The thinking with the revisionists seems to be that Alien 3’s bad reputation is a result of it being misunderstood, a result of philistines who wanted more guns and explosions and less ponderous religious imagery. It’s reflected in Stimpson’s article and in particular his incredibly condescending conclusion (basic translation: “look at me, I like a grim, nihilistic film that you plebs don’t understand! I’m going to pat myself on the back now”). The fact is that, rather than Alien 3 being a victim of its predecessors’ success, we simply would not be debating this film twenty years on if it wasn’t connected to the Alien franchise. If this was a film in its own right with no surrounding context, it would have been dismissed as the dreadful, misanthropic bait-and-chase monster movie that it is.

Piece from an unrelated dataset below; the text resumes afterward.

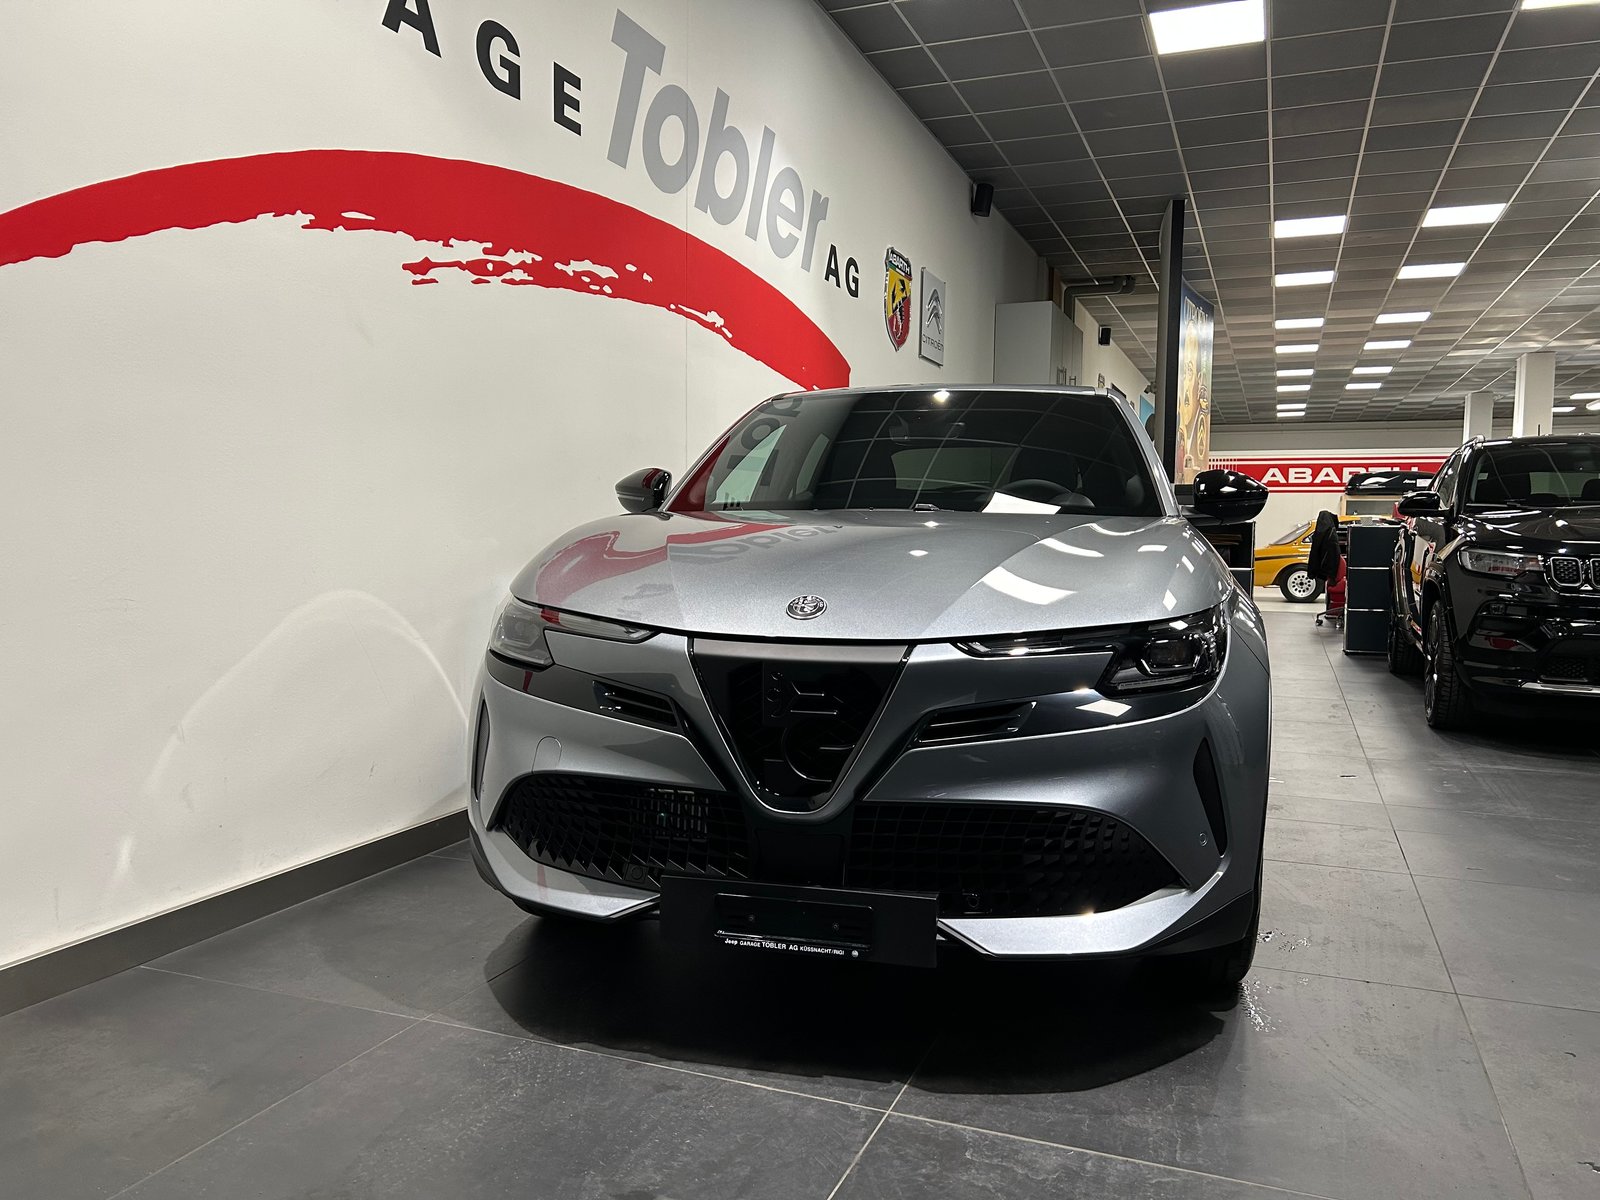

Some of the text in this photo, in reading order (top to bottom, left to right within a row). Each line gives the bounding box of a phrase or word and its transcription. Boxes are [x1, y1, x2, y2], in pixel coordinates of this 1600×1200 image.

[606, 8, 830, 273] Tobler
[824, 243, 859, 298] AG
[889, 252, 910, 275] ABARTH
[761, 941, 787, 950] TOBLER

The article is so consistently off-the-mark that there’s no option but to deal with its arguments individually. A large part of his case seems to stem from his evident dislike for James Cameron’s Aliens: “In James Cameron's Aliens the threat from HR Giger's beautifully realised and nightmarishly sensuous bio-mechanoid is reduced to that of a hive of insects, suggesting that if one well-armed grunt with a bit of American know-how had been aboard the Nostromo there never would have been a franchise in the first place.”
First off, Ridley Scott, the director of Alien, described Giger’s design of the alien protagonist as being ‘like a rather beautiful, humanoid, biomechanoid insect’, while writer Ronald Shusett outlined ‘our idea that it would be the life-cycle of an insect. The way a wasp will sting a spider, paralyze it, and lay its eggs in the spider; its eggs grow off the living spider, like a surrogate mother...We thought people might pick up on it and say, ‘Yeah, an alien life-cycle can be like an insect life-cycle.’' So the insect-like implications were there from the start.

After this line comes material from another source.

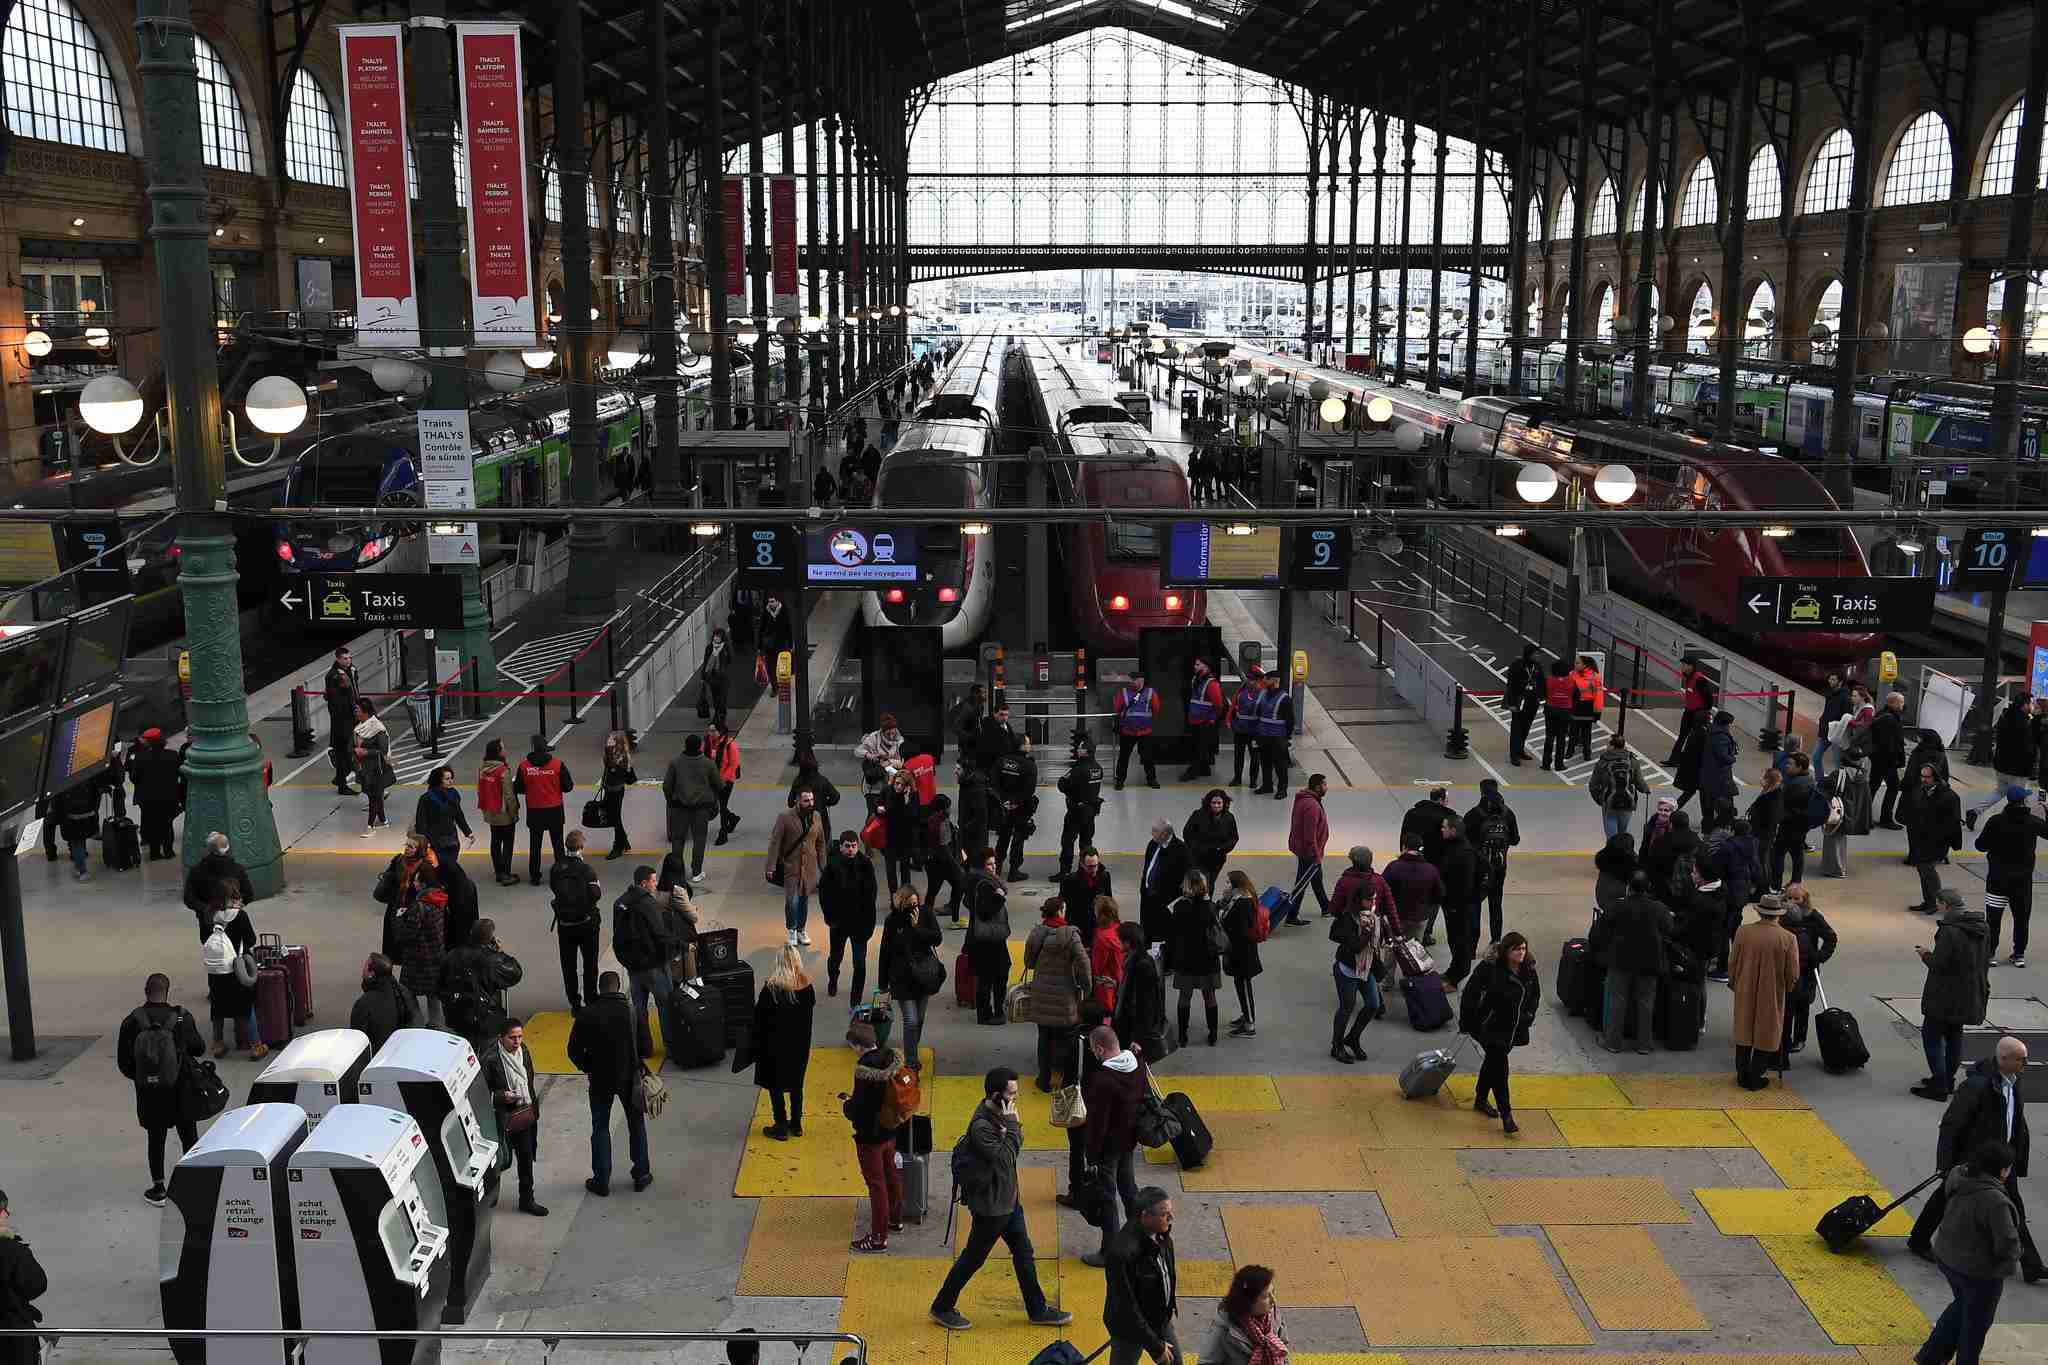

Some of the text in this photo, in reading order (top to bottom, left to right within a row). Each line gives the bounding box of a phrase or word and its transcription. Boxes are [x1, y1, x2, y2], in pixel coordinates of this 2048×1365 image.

Secondly, the idea that the aliens of the sequel were gormless equivalents of the lethal ‘perfect organism’ of Alien is a persistent criticism that is pretty ungrounded when you actually consider it. Cameron produced a great rebuttal to this himself in a thoughtful, considered 1992 essay for Starlog Magazine intended as a reply to readers’ letters: “One, crazed man with a knife can be the most terrifying thing you can imagine, if you happen to be unarmed and locked in a house alone with him. If you're with 10 armed police officers, it's a different story”. And yet despite the Marines’ firepower, their whole squadron - with the exception of an incapacitated, acid-scarred Hicks - are wiped out. Even after the initial ambush, their escape route (dropship) is destroyed by an alien; while when the survivors barricade themselves in the complex, the aliens respond by finding a circuitous route in through a crawlspace, cutting the power and attacking by stealth. They may utilise kamikaze tactics at times, but to say they have no intelligence is to grossly oversimplify. The one thing you could say is that the disturbing sexual undertones to the xenomorphs were indeed toned down or overlooked somewhat - but this isn’t something that Alien 3 corrects in any case.

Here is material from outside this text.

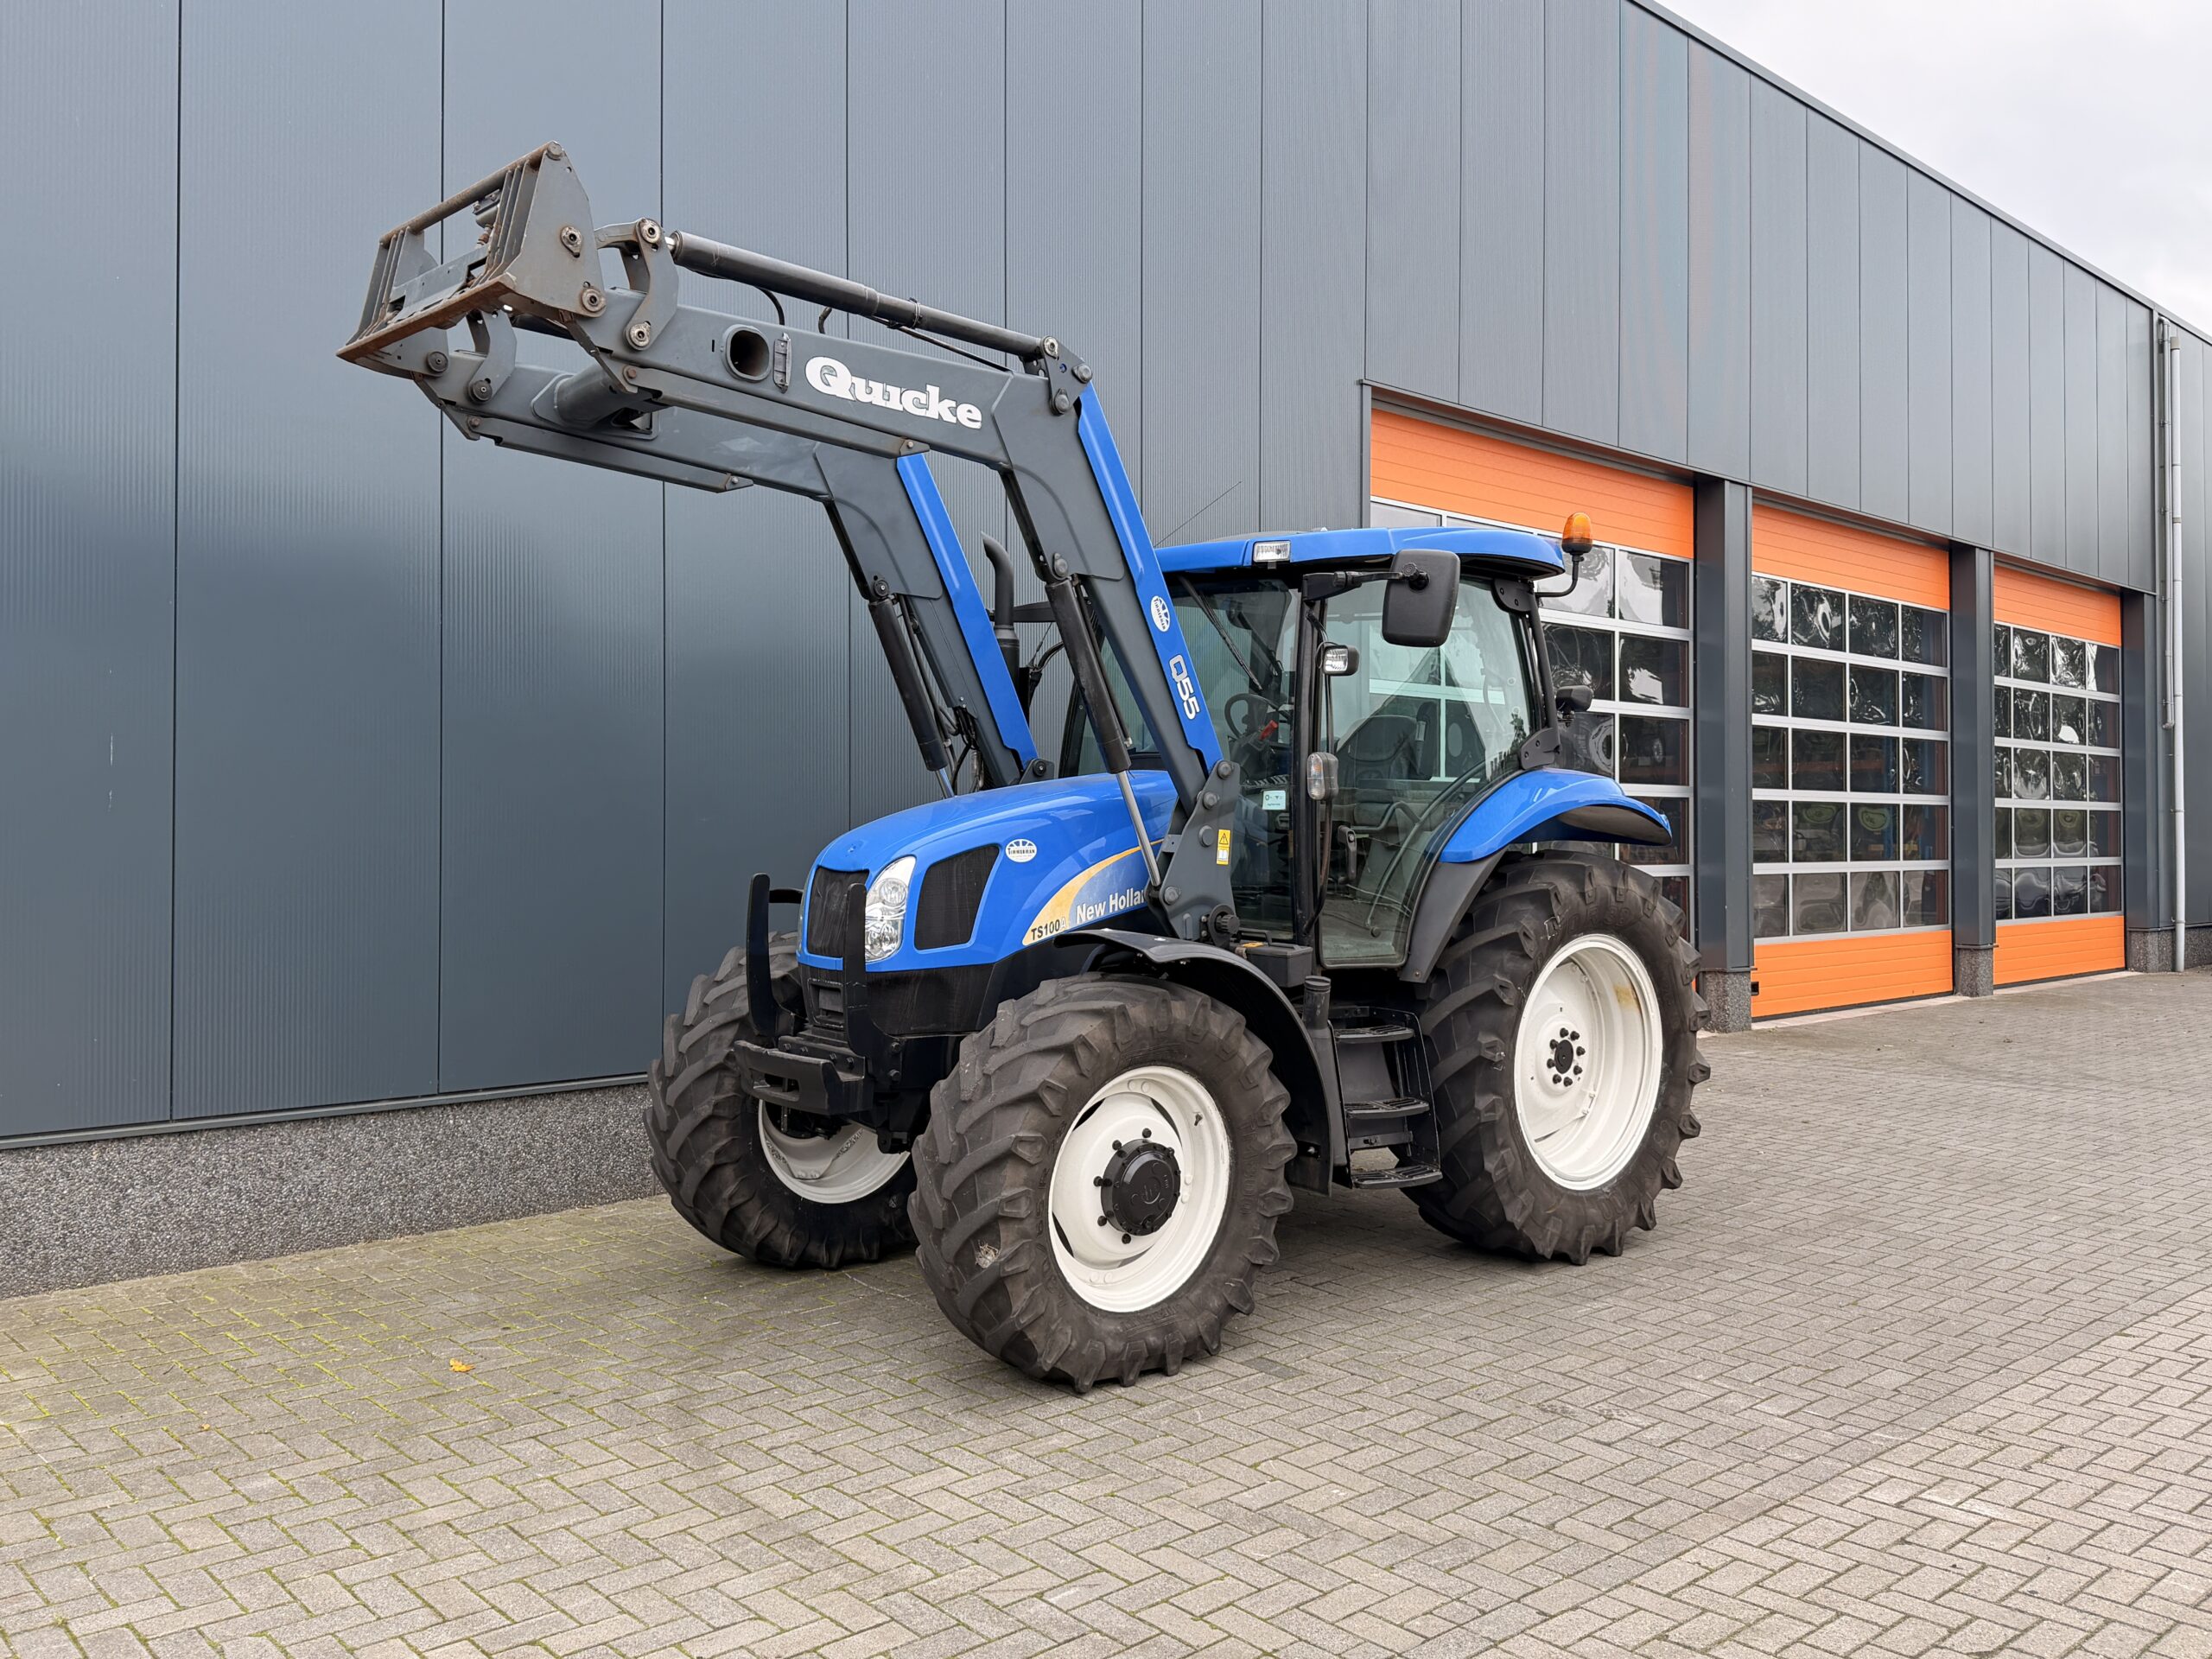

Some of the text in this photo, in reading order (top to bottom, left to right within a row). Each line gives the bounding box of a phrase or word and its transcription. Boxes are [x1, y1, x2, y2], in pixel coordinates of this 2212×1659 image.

[805, 356, 982, 429] Quicke
[1169, 654, 1200, 720] Q55
[1076, 887, 1144, 925] New Holla

He goes on: “Despite every effort on the part of the filmmakers to portray them as finely honed military machines, the heroes essentially come off as a gang of idiotic yahoos.”
Yes, there’s some poor decision-making on the part of the characters in Aliens, but the same is true of the first film (Harry Dean Stanton running off on his own to chase a cat?) and certainly of the third. Their dismissive attitude towards Ripley changes as soon as they realise what they’re up against, and resourcefulness is evident throughout - Hicks manages to escape the initial massacre armed only with a shotgun and carrying an injured Hudson; Hudson overcomes his cowardice to go down in a blaze of glory; while Vasquez almost single-handedly holds the enemy off, and actually wrestles with an alien in the vents after she runs out of ammo. Idiotic yahoos one and all.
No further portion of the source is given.